GOAL OF THE EXERCISE: Emit the data below verbatim, stripping out any pictures.

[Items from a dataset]
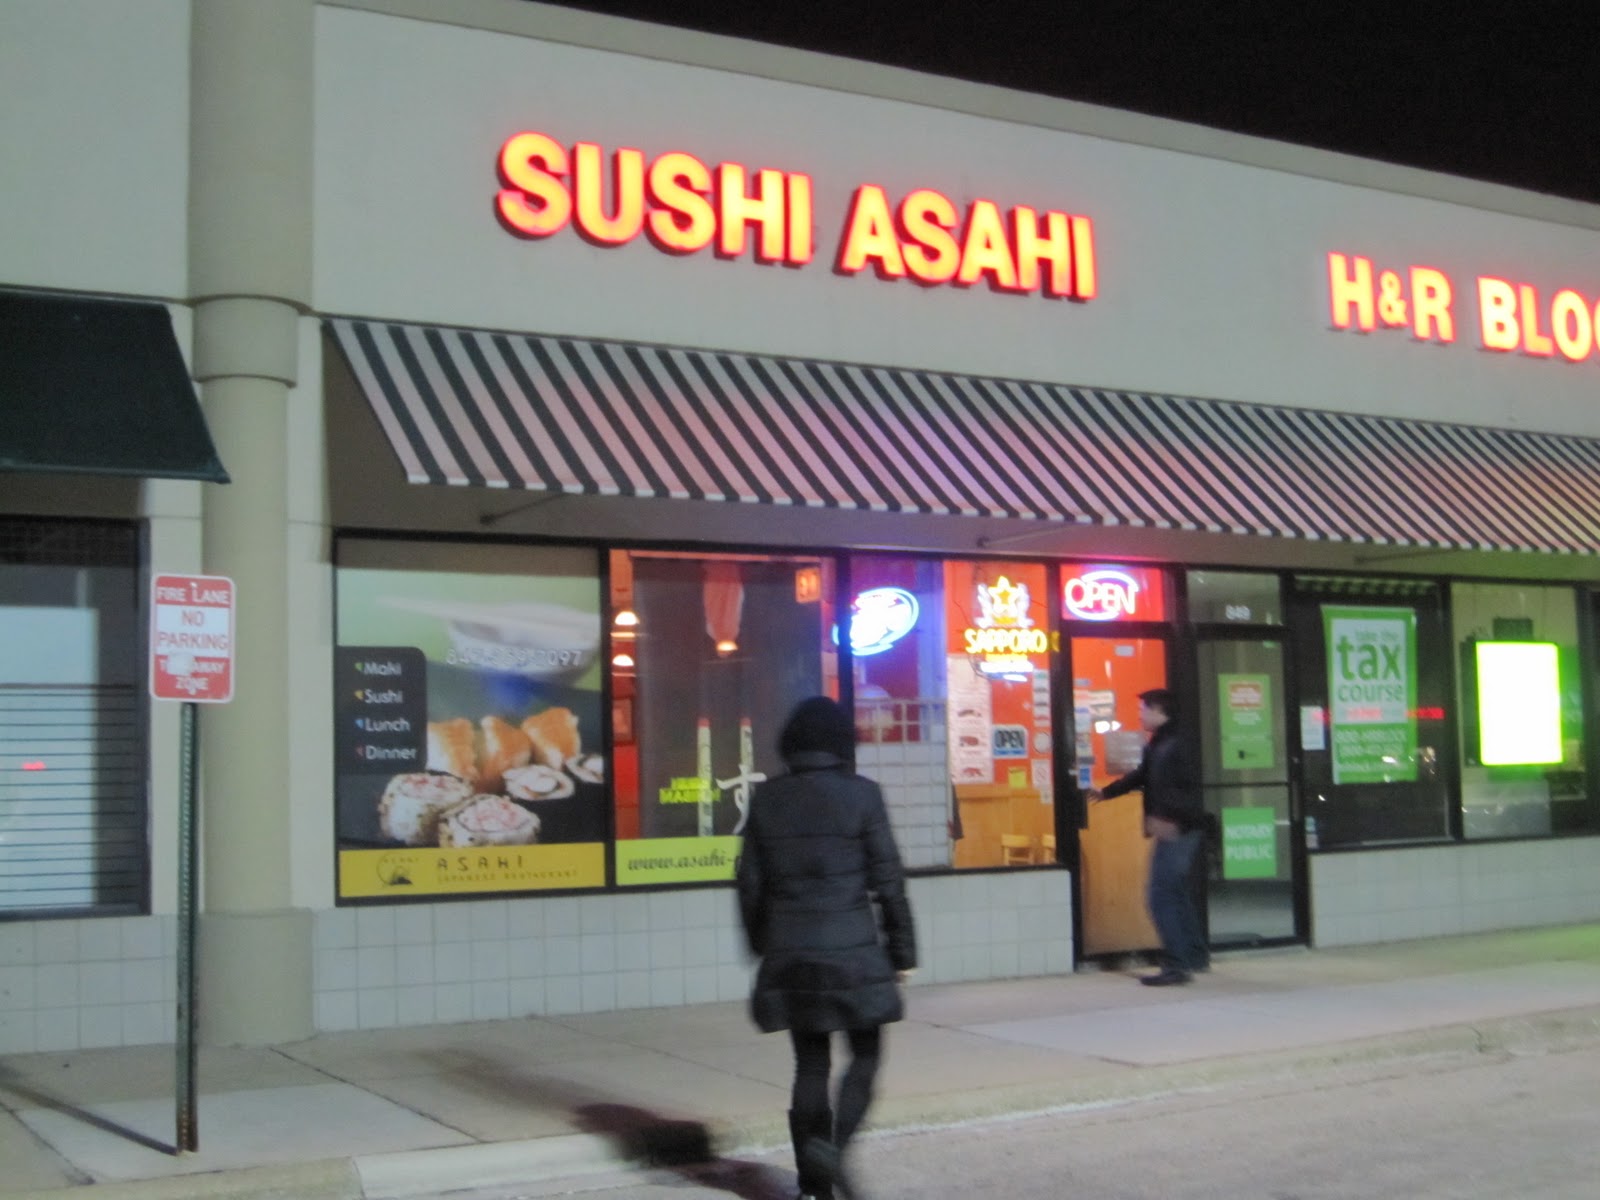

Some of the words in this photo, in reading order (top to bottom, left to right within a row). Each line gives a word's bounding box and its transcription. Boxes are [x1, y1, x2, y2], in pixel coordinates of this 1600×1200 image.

[496, 131, 814, 266] SUSHI
[836, 184, 1097, 300] ASAHI
[1327, 251, 1455, 343] H&R
[1476, 275, 1600, 362] BLO
[157, 586, 187, 602] FIRE
[191, 588, 230, 605] LANE
[1064, 578, 1136, 615] OPEN
[182, 610, 204, 627] NO
[159, 632, 228, 650] PARKING
[964, 628, 1047, 654] SAPPORO
[1336, 634, 1403, 681] tax
[364, 662, 402, 676] Maki
[364, 689, 403, 704] Sushi
[1338, 684, 1405, 703] course
[365, 717, 411, 733] Lunch
[365, 745, 417, 761] Dinner
[436, 855, 524, 872] ASAHI
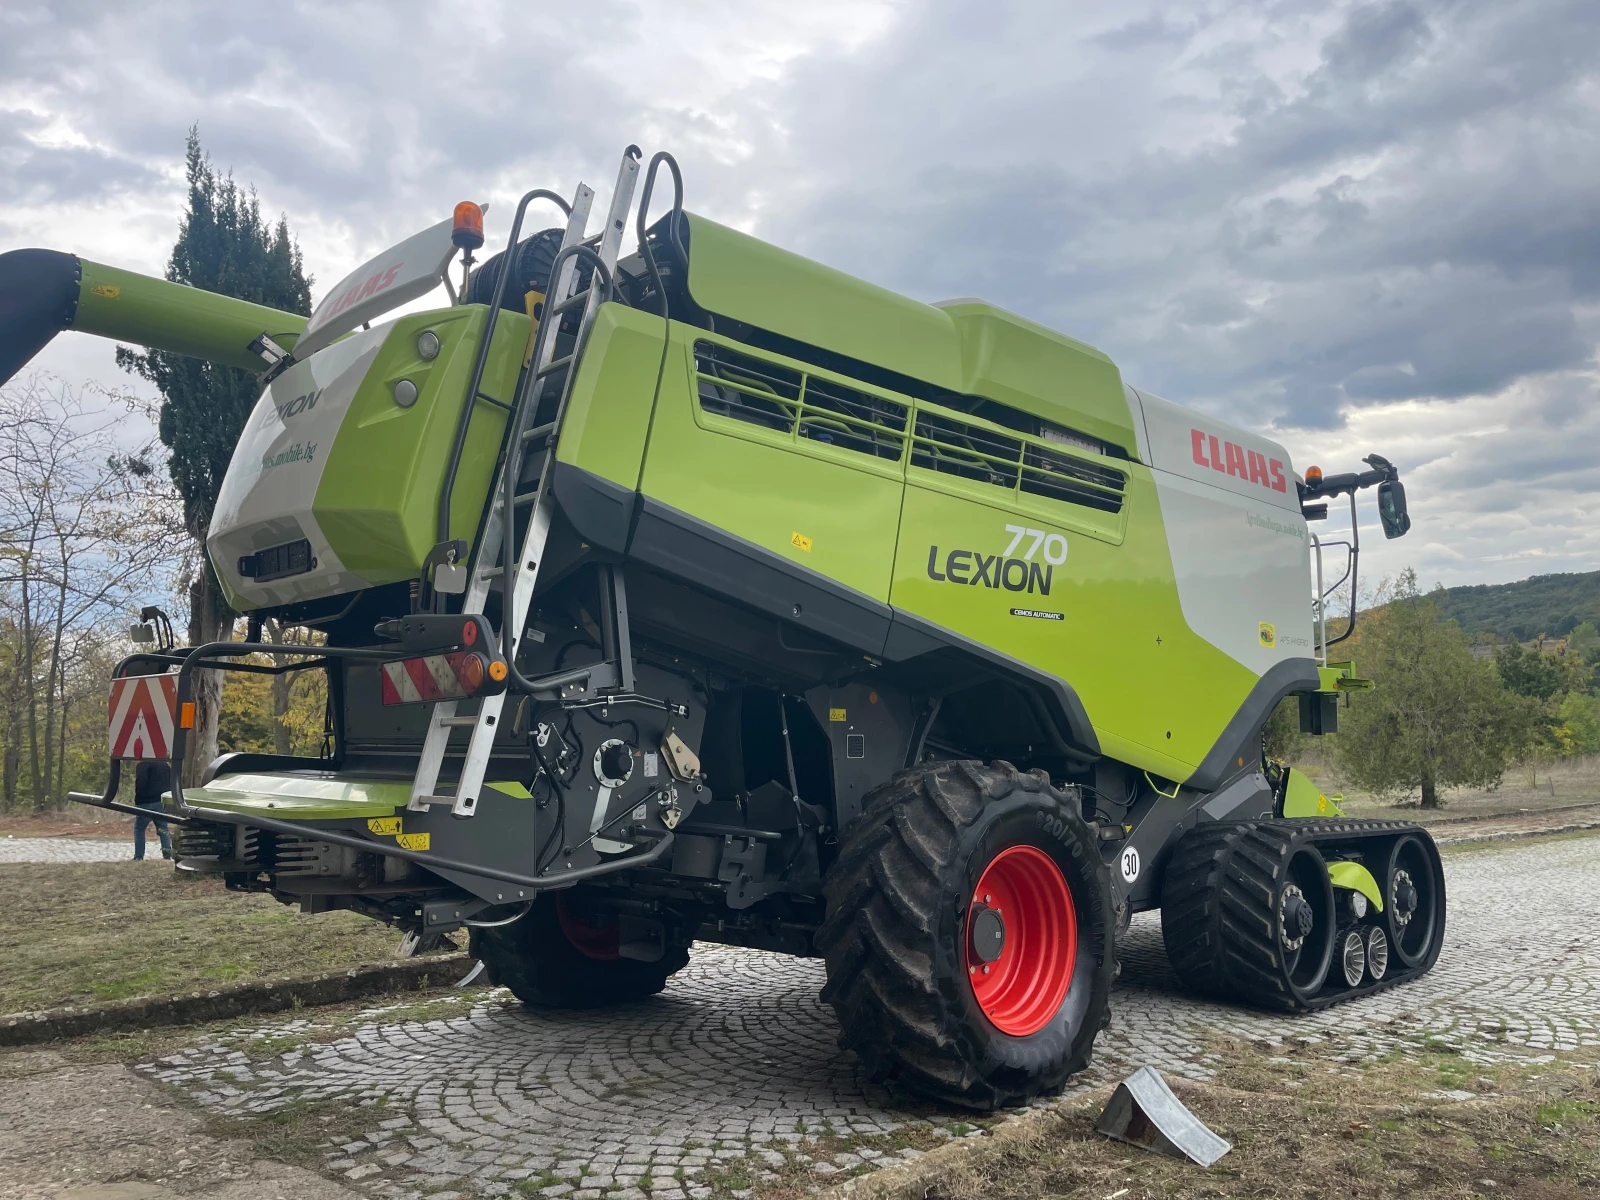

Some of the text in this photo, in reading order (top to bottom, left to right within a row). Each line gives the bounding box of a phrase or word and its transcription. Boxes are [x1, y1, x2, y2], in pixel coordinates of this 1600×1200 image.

TASK RESPONSE:
Some of the words in this photo, in reading order (top to bottom, left to right within a row). Each line gives a word's bounding box and its transcription. Boxes are [x1, y1, x2, y2], in pixel coordinates of this 1600×1200 image.

[496, 131, 814, 266] SUSHI
[836, 184, 1097, 300] ASAHI
[1327, 251, 1455, 343] H&R
[1476, 275, 1600, 362] BLO
[157, 586, 187, 602] FIRE
[191, 588, 230, 605] LANE
[1064, 578, 1136, 615] OPEN
[182, 610, 204, 627] NO
[159, 632, 228, 650] PARKING
[964, 628, 1047, 654] SAPPORO
[1336, 634, 1403, 681] tax
[364, 662, 402, 676] Maki
[364, 689, 403, 704] Sushi
[1338, 684, 1405, 703] course
[365, 717, 411, 733] Lunch
[365, 745, 417, 761] Dinner
[436, 855, 524, 872] ASAHI

Some of the text in this photo, in reading order (top to bottom, left to right within a row). Each line gives the bounding box of a phrase or word and its transcription. Boxes are [x1, y1, x2, y2], in pixel coordinates of this 1600×1200 image.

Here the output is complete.